[Task to carry out]: Pictures aside, quote the whole listing exactly.

• • • •

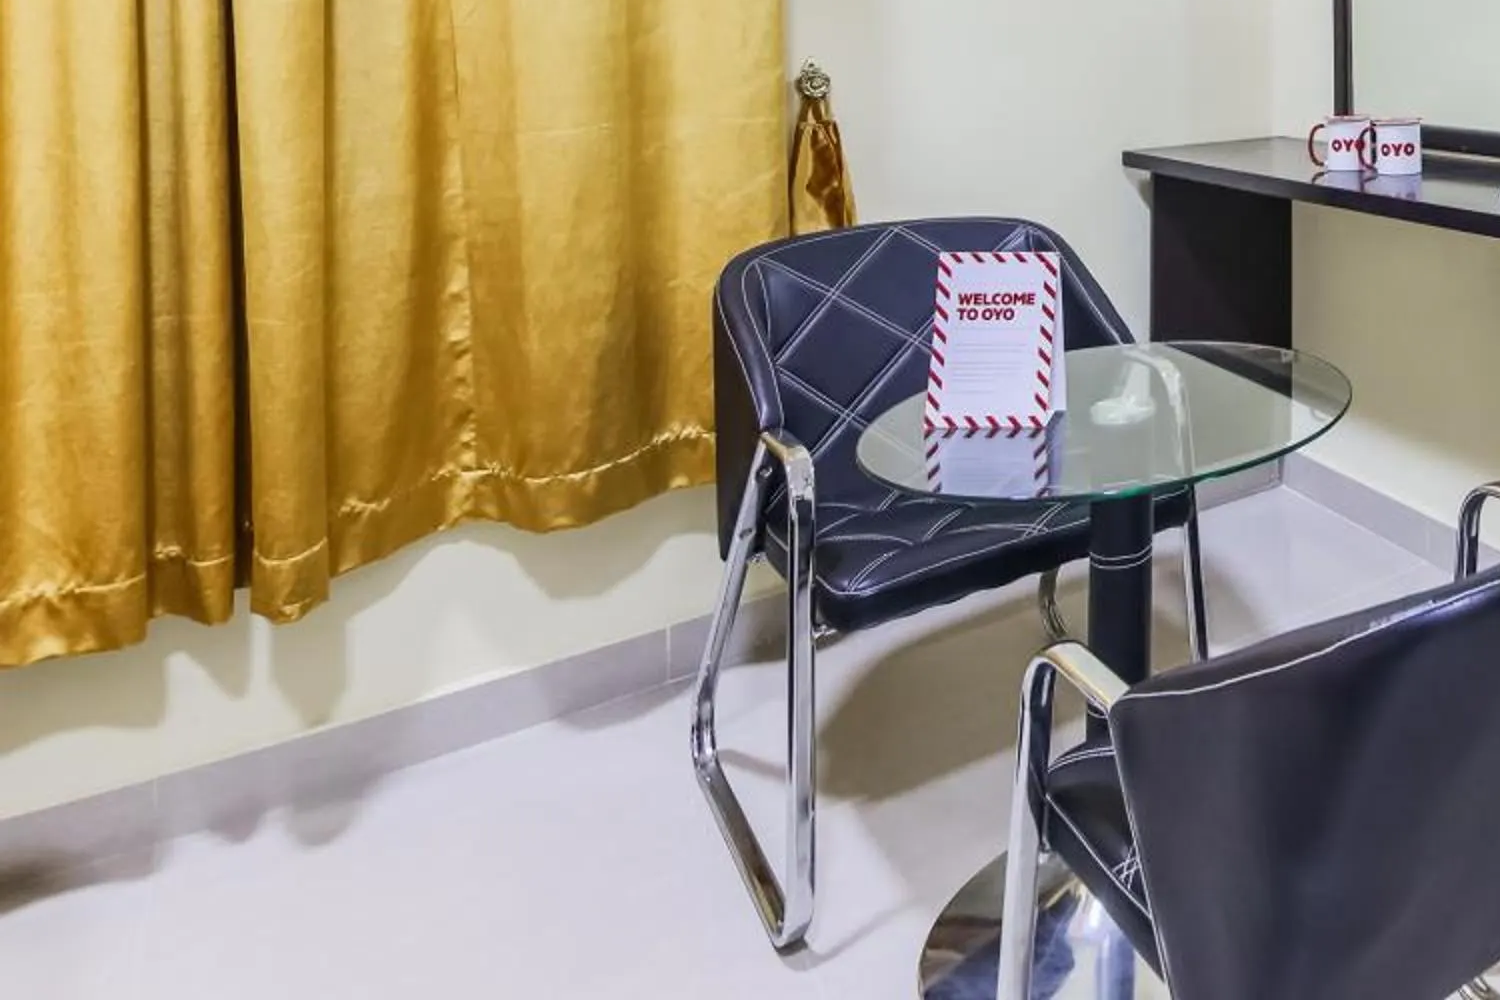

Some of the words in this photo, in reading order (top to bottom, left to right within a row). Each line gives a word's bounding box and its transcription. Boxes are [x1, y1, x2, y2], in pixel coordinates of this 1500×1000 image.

[1331, 139, 1366, 152] OYO
[1381, 142, 1415, 157] OYO
[958, 292, 1036, 306] WELCOME
[957, 308, 979, 321] TO
[982, 307, 1015, 321] OYO

• • • •

[Response to this task]:
Some of the words in this photo, in reading order (top to bottom, left to right within a row). Each line gives a word's bounding box and its transcription. Boxes are [x1, y1, x2, y2], in pixel coordinates of this 1500×1000 image.

[1331, 139, 1366, 152] OYO
[1381, 142, 1415, 157] OYO
[958, 292, 1036, 306] WELCOME
[957, 308, 979, 321] TO
[982, 307, 1015, 321] OYO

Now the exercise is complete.